My father passed on his hard-won lesson:
When you go to a buffet, they’ll have the desserts set out on the right side of the table. Get a dessert first and then pick up the rest of your meal. If you don’t, there might not be any when you come back.
Words to live by. I always get a dessert first and usually wind up telling that tale, hoisting a cookie to his memory.
You can find far more information about the Coolidge using the obvious search terms; start with a good summary of the events [Update: dead link. Go there or to a comprehensive narrative.] It’s evidently a spectacular wreck-diving site. Dad was in the 172nd Regiment, 43rd Infantry Division, if that helps pin it down. His Company E comrades held a reunion every year for nigh onto half a century at my parents’ house in Hummelstown PA.
[Update: An Australian movie crew making Grave of a President about the wreck asked my father if they could film the next reunion. He agreed. They then asked if the reunion, which was always held during the last weekend of September, could happen in October, because it wasn’t convenient for them to get halfway around the world on short notice. Dad said the reunion wasn’t held for their convenience. They showed up on schedule and made my father a movie star.
If you happen to have a good copy of that film, let me know.
Further Update: The Australian archives have a copy. Wish I could get a copy of that.]
I haven’t seen this picture anywhere else on The Web, but it’s been hanging in my parents’ house forever. It’s a photographic enlargement of a newspaper picture and in rather crappy condition after all these years, so you can’t tell that one of those guys swarming down the side (yes, like rats leaving a sinking ship) is my father…
Update: I stumbled across a slightly different version in Collier’s Photographic History of World War II!
Poseurs, all of them!
If you’re an alpha geek, this is how you tell time…
It’s a WWVB receiver wired up to a CR123A primary lithium cell. The time display is a single red LED, driven by a low-threshold FET. Yeah, you can package it up in a cute little box (which is the picture on hackaday.com), but this is the essence of the thing.
Over the course of a minute, the LED blinks out the hour, minute, year, day-of-year, Daylight Saving Time, leap year, leap second, and some other stuff in binary-coded decimal.
The key to the format is there and the bit format is straightforward:
- Long = frame marker
- Medium = binary 1
- Short = binary 0
You just watch the LED, catch the frame marker, decode BCD data on the fly, convert from UTC to local time, and that’s all there is to it.

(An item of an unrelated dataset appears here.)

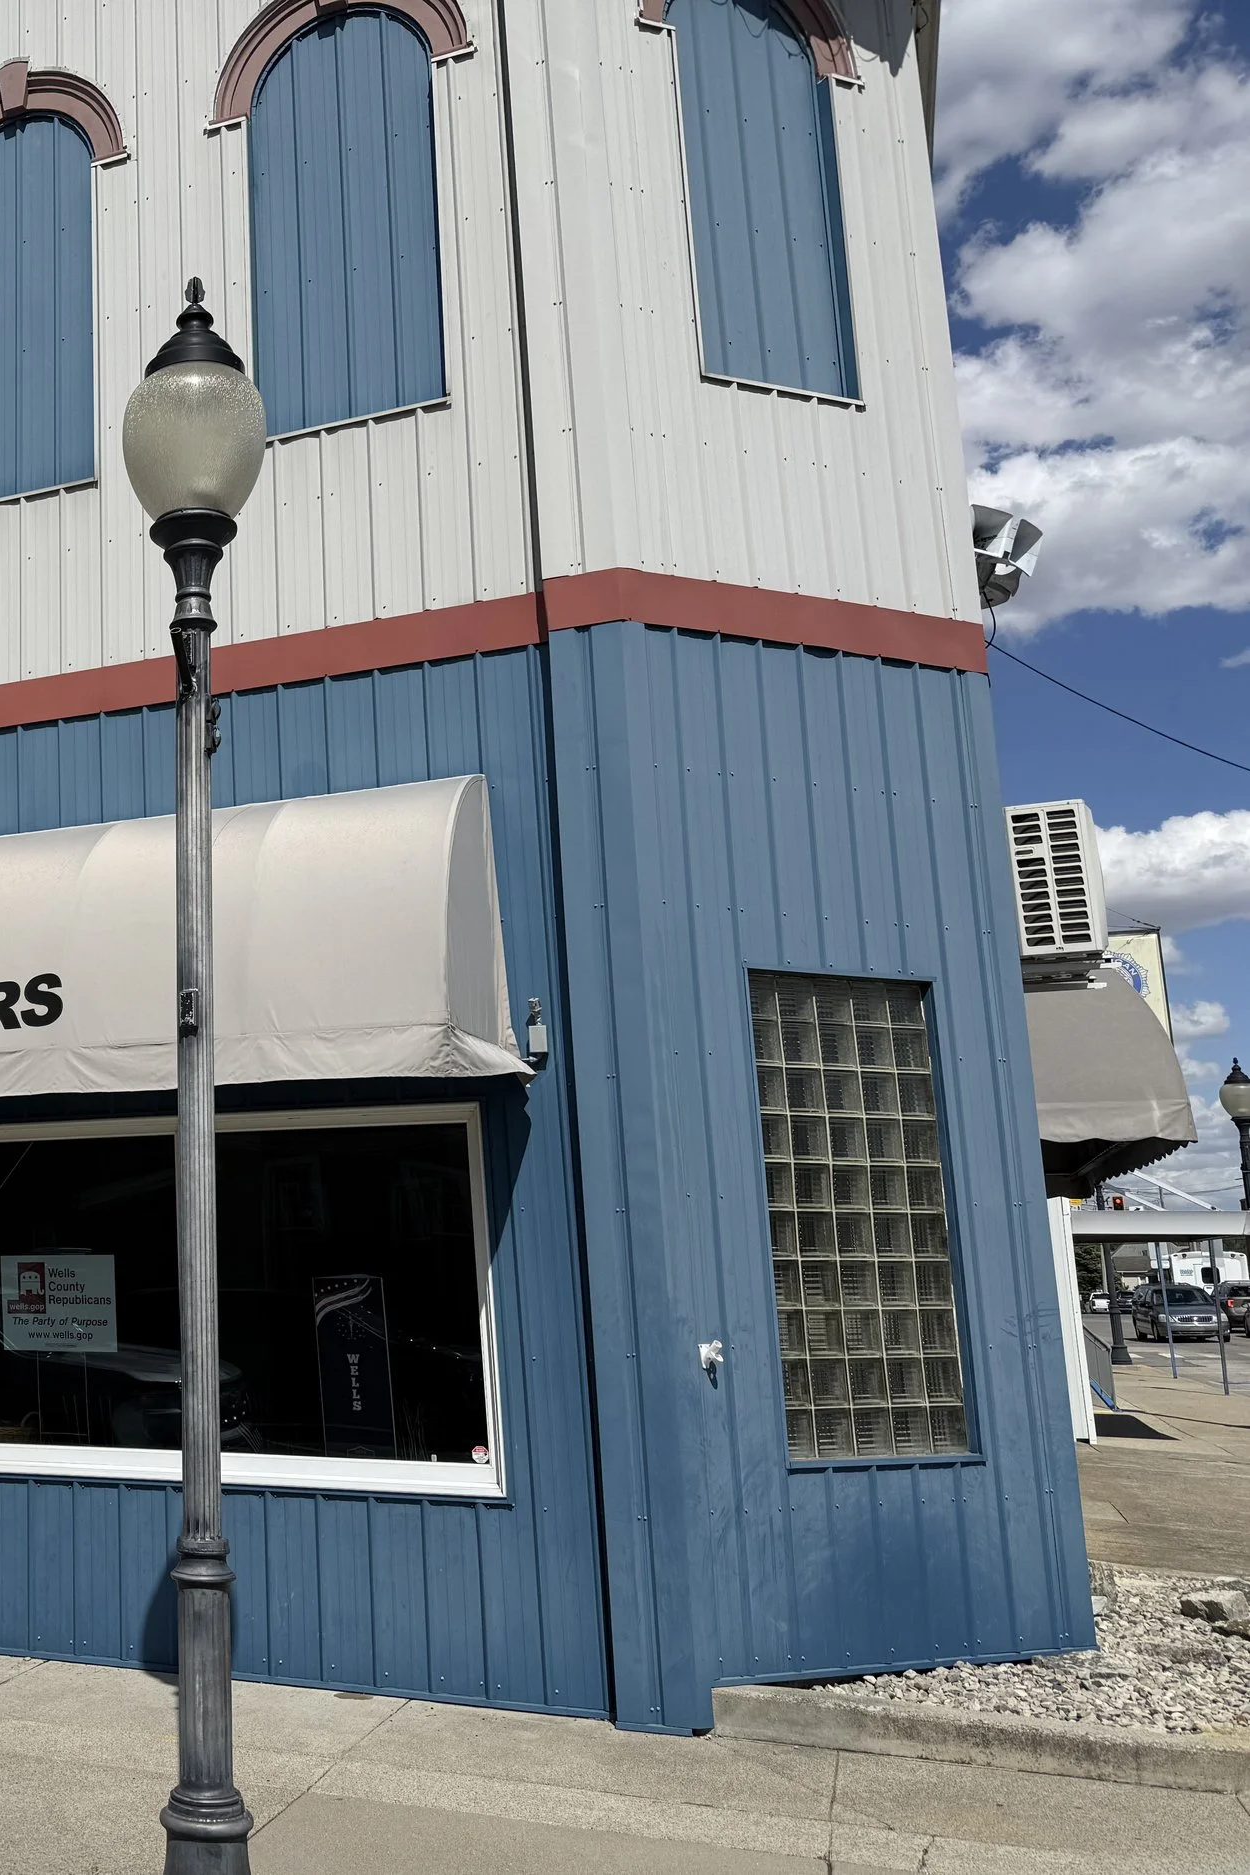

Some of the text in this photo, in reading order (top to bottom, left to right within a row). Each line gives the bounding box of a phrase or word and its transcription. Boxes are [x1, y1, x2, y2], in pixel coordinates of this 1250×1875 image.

Sheesh, it’s only one bit a second: anybody can handle that, right?
Truth to tell, I can hang on long enough to get the minute, but I taper off pretty quickly after that.
Basically, you get the receiver and CR123 cell holder from DigiKey for maybe fifteen bucks. Wire up a FET (ZVNL110A or some such) to the receiver’s inverted-polarity output, so the LED is ON during the data bit’s active time (carrier drops 10 dB). I blobbed on a 300 ohm SMD resistor, so the total current is maybe 250 µA with the LED on. If you’re going crude, you can probably wire the LED & resistor directly to the receiver’s positive-polarity output.
A primary CR123A is good for 1500 mAh and the average current is maybe 150 µA, so the clock will run for nearly a year. The LED is pretty dim, but perfect for late-night viewing.
Reception is iffy during the day here in the Hudson Valley. At night it’s just fine. Interference from LCD panels with near-60-kHz refresh is a real problem, so it doesn’t play well near PCs.
I put the clock on a shelf where I can watch it when I wake up in the middle of the night: it knocks me out again pretty quickly.
In real life, I put this together to verify my WWVB simulator… but I might just box up a spare for the shelf, too.